(Dataset excerpts)
_ _ _ _ _ _ _
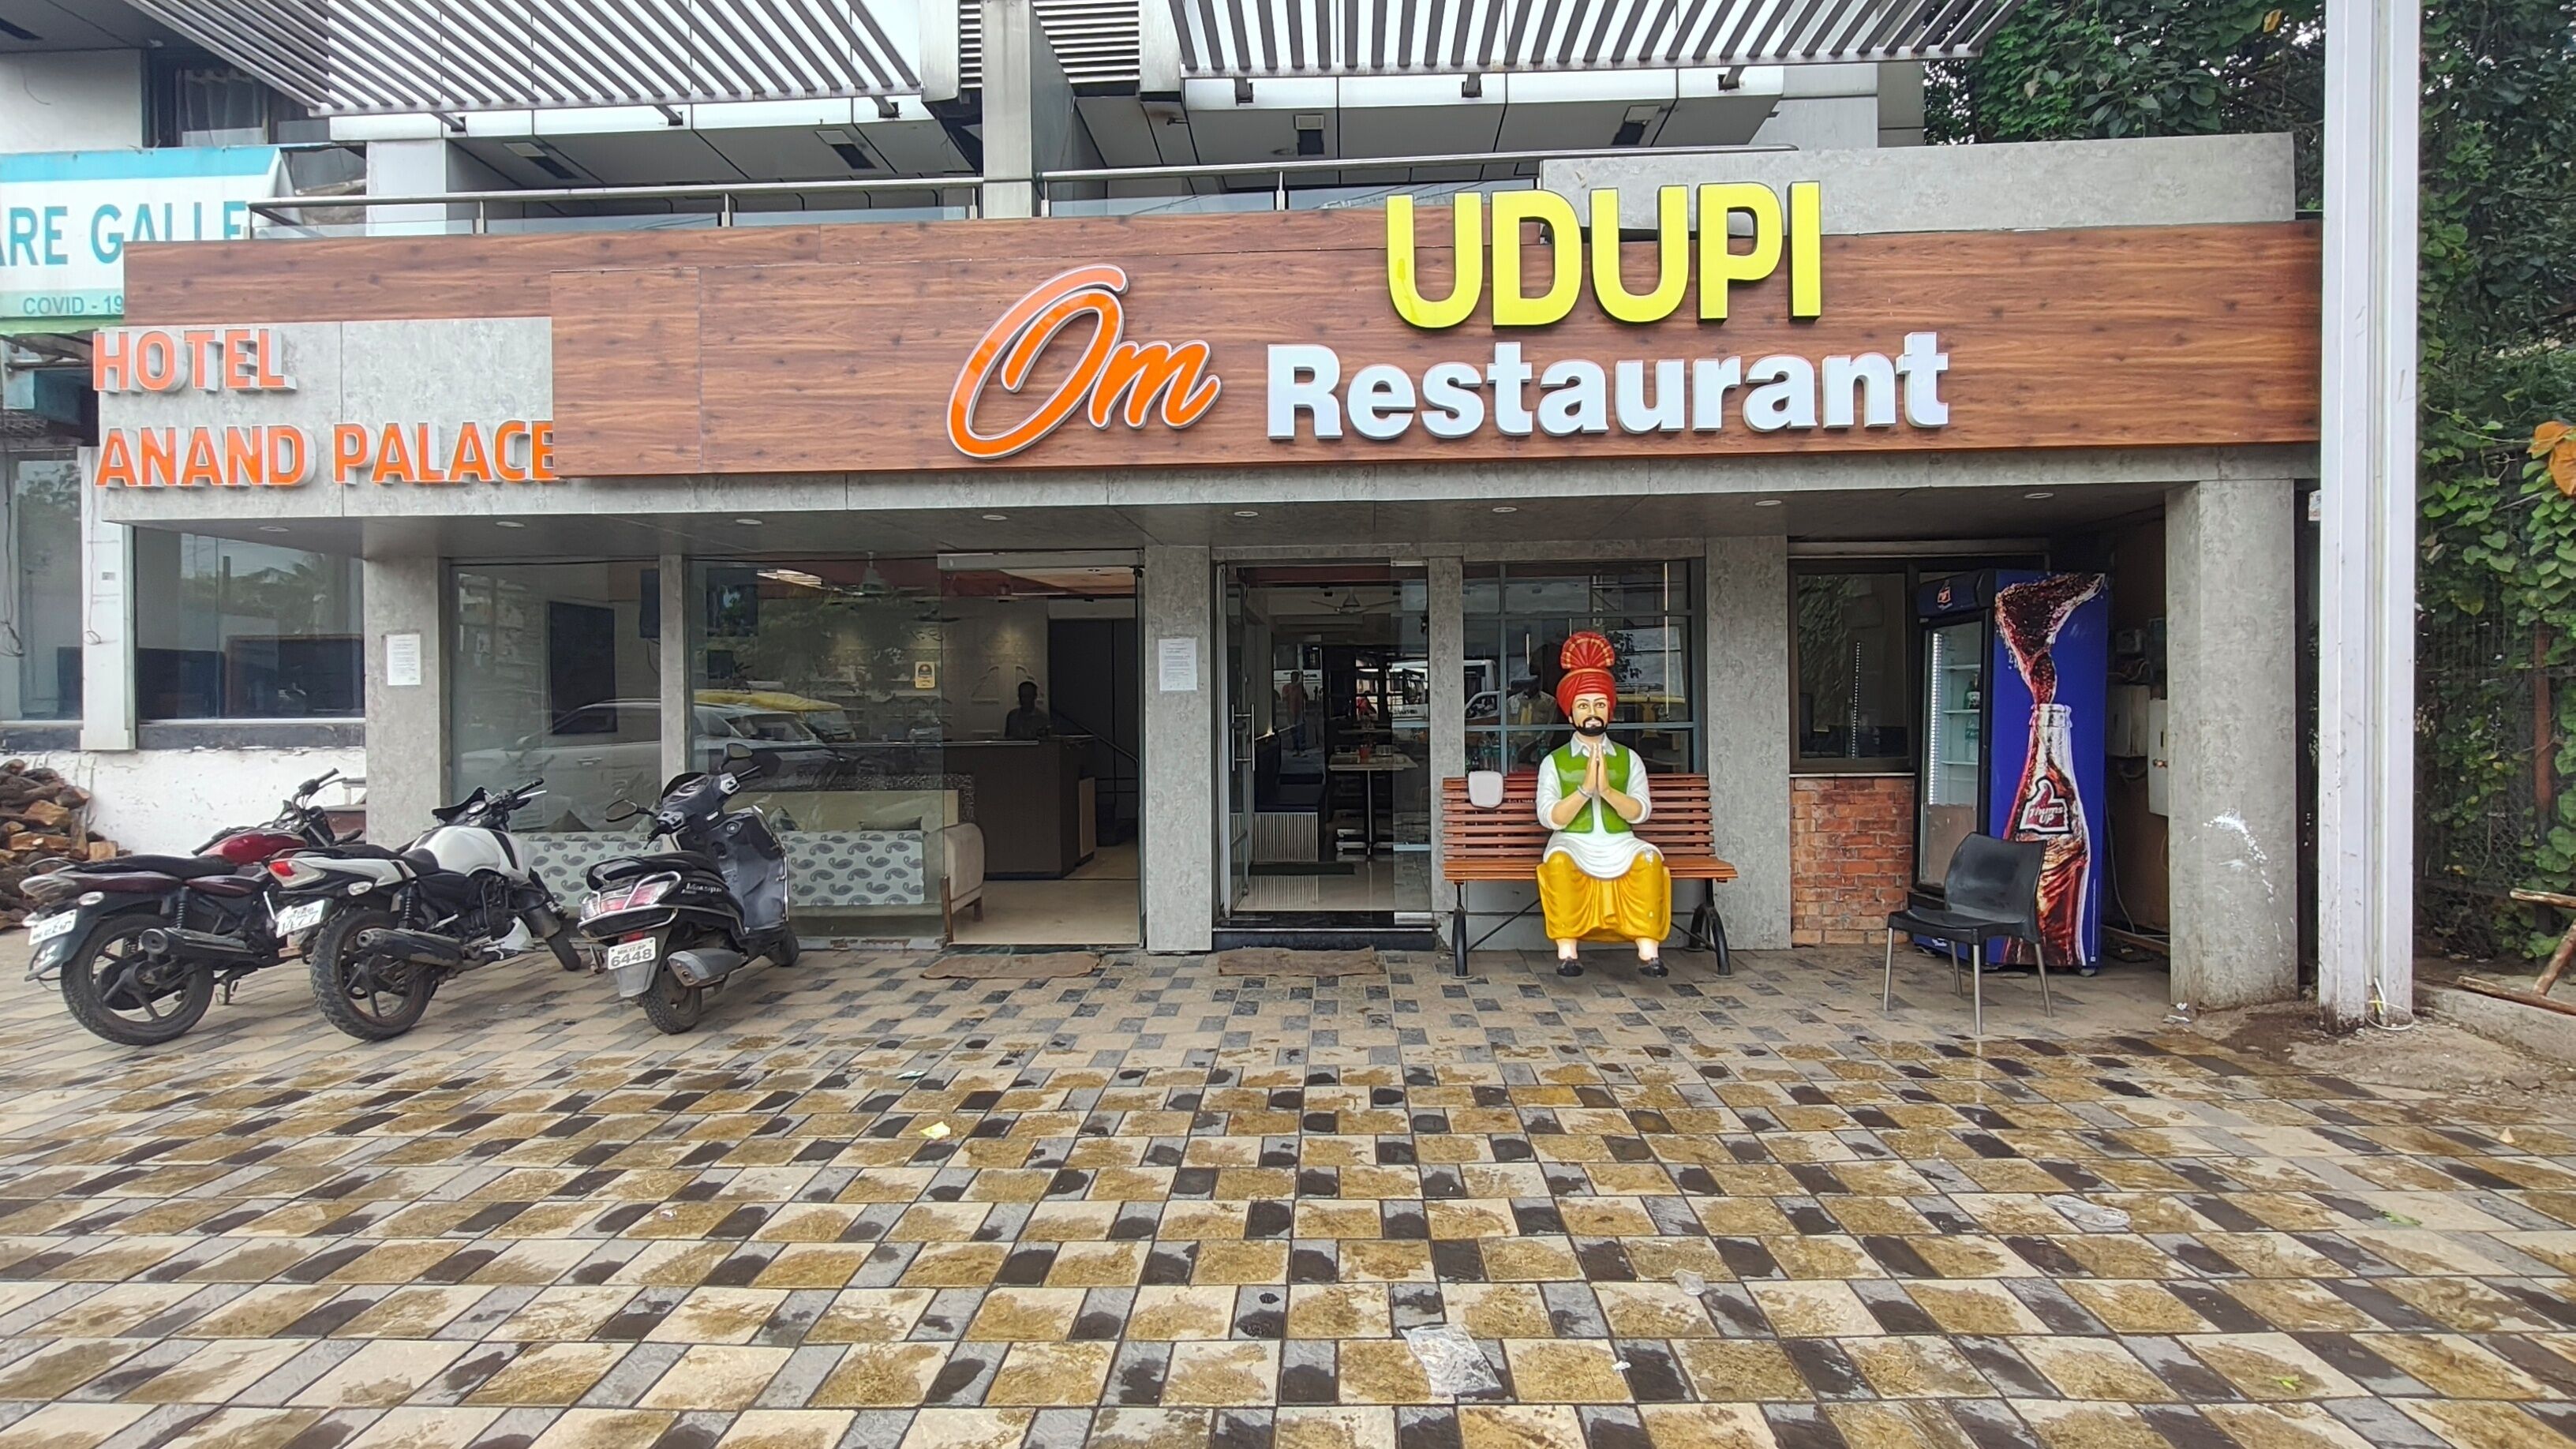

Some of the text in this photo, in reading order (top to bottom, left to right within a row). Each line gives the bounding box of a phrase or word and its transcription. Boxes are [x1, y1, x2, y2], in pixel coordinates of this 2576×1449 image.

[0, 205, 68, 267] RE
[1385, 181, 1822, 329] UDUPI
[23, 297, 84, 315] COVID
[92, 328, 295, 393] HOTEL
[947, 264, 1221, 459] Om
[1267, 331, 1949, 441] Restaurant
[94, 419, 557, 487] ANAND PALACE
[2029, 806, 2063, 819] Thums
[611, 948, 653, 968] 6448
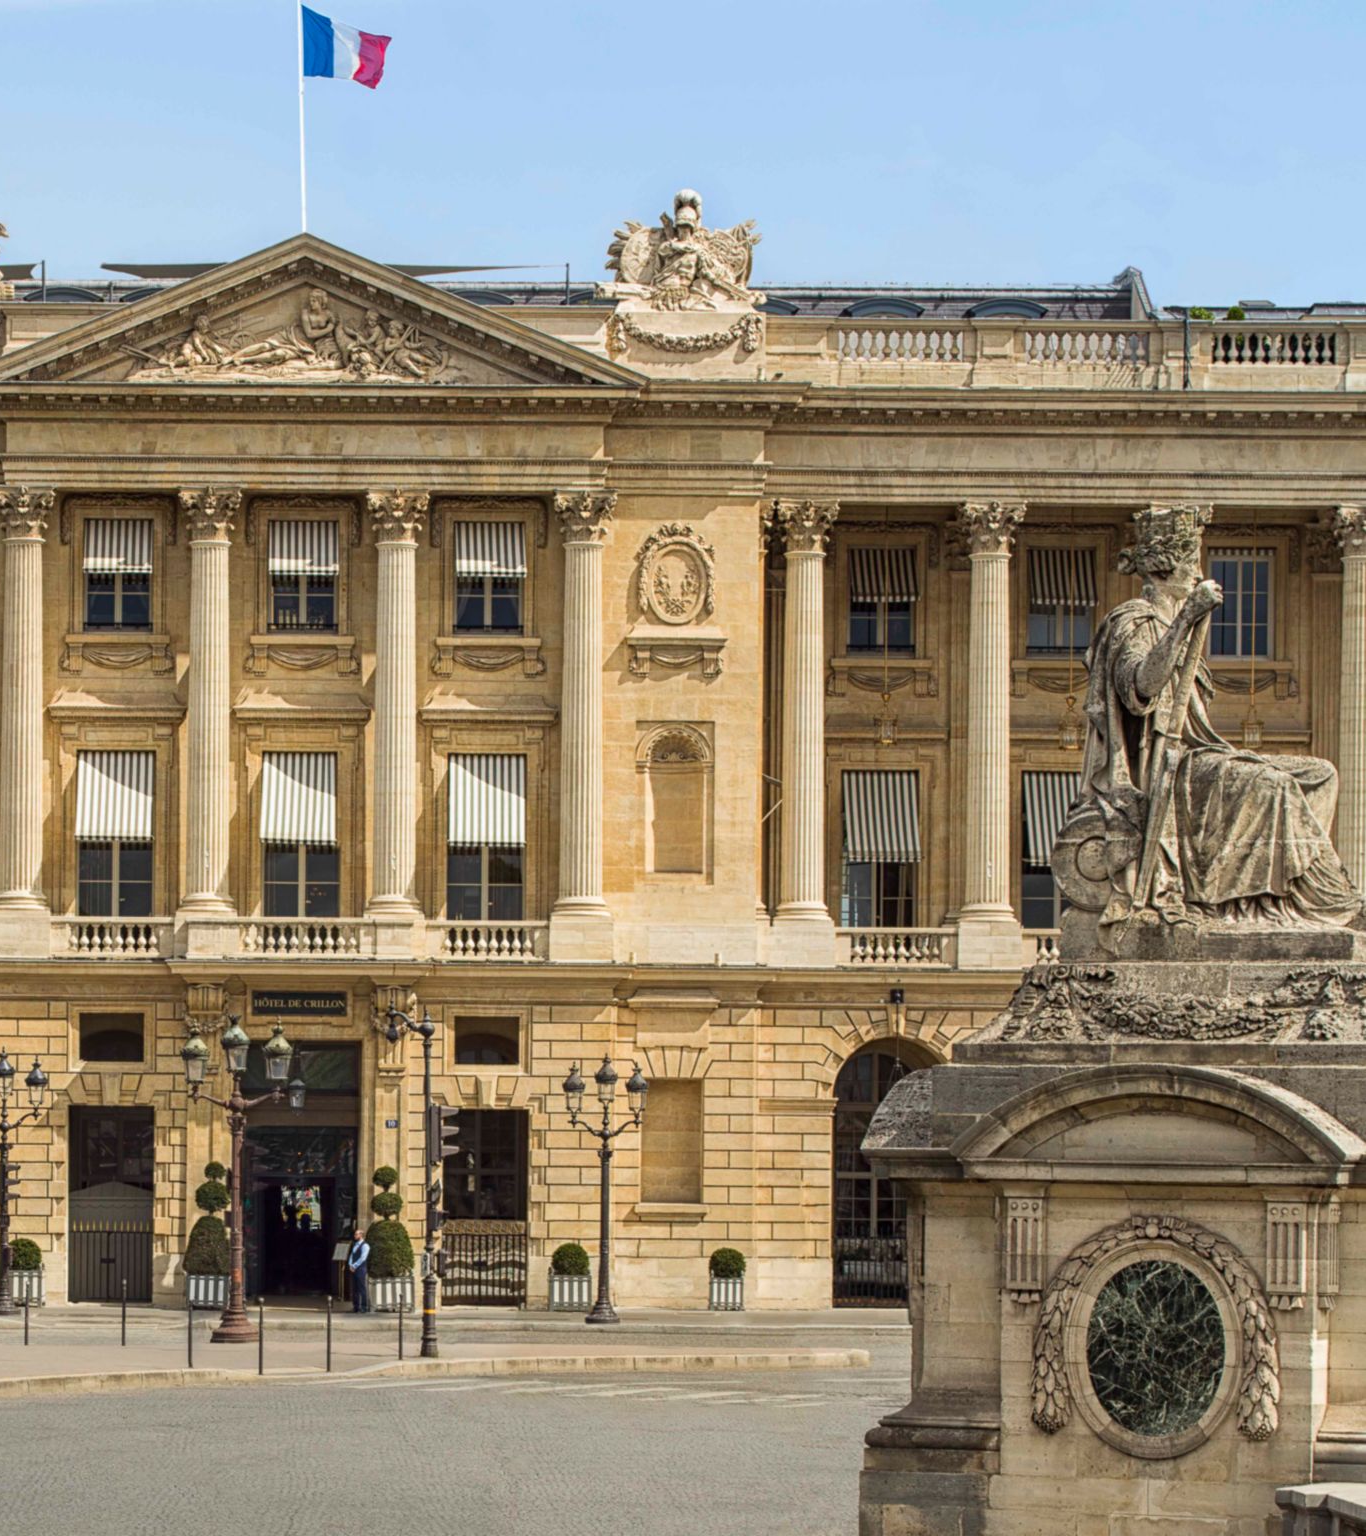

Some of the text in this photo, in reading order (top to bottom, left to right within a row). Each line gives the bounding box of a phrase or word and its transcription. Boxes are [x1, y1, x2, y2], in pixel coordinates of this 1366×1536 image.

[254, 997, 345, 1009] HÔTEL DE CRILLON
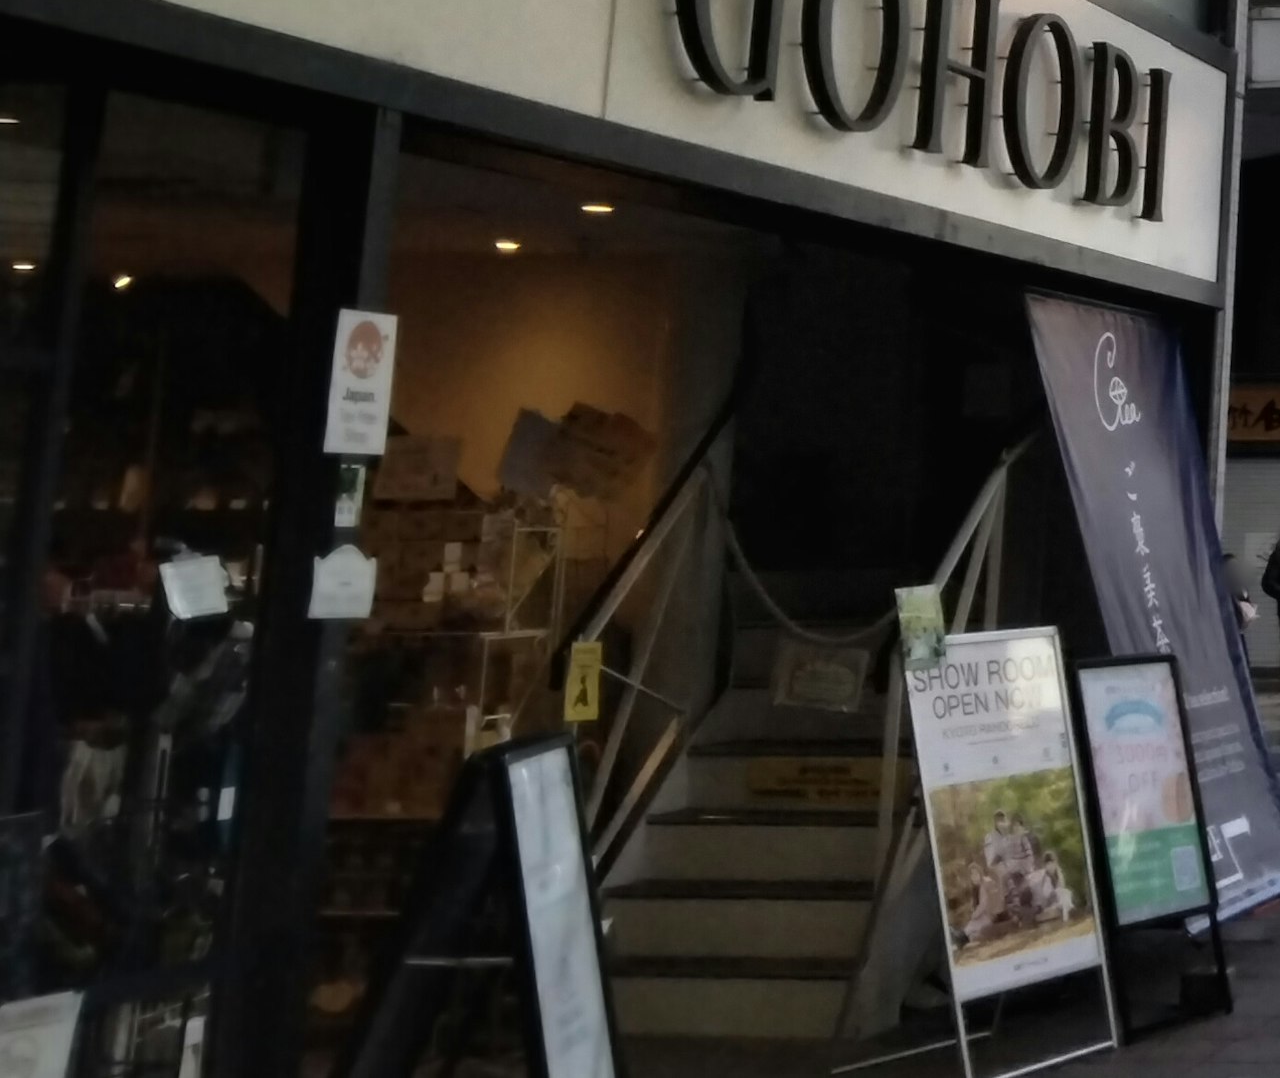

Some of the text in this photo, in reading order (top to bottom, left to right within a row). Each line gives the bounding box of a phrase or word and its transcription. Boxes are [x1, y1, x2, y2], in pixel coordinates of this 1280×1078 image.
_ _ _ _ _ _ _
• TASK BRIEF: In your copy, include no pictures; print every line above exactly.

• EXERCISE RESPONSE:
Some of the text in this photo, in reading order (top to bottom, left to right within a row). Each line gives the bounding box of a phrase or word and its transcription. Boxes are [x1, y1, x2, y2], in pixel coordinates of this 2576×1449 image.

[0, 205, 68, 267] RE
[1385, 181, 1822, 329] UDUPI
[23, 297, 84, 315] COVID
[92, 328, 295, 393] HOTEL
[947, 264, 1221, 459] Om
[1267, 331, 1949, 441] Restaurant
[94, 419, 557, 487] ANAND PALACE
[2029, 806, 2063, 819] Thums
[611, 948, 653, 968] 6448

Some of the text in this photo, in reading order (top to bottom, left to right within a row). Each line gives the bounding box of a phrase or word and its transcription. Boxes are [x1, y1, x2, y2], in pixel coordinates of this 1366×1536 image.

[254, 997, 345, 1009] HÔTEL DE CRILLON

Some of the text in this photo, in reading order (top to bottom, left to right within a row). Each line gives the bounding box of a phrase or word and its transcription. Boxes are [x1, y1, x2, y2], in pixel coordinates of this 1280×1078 image.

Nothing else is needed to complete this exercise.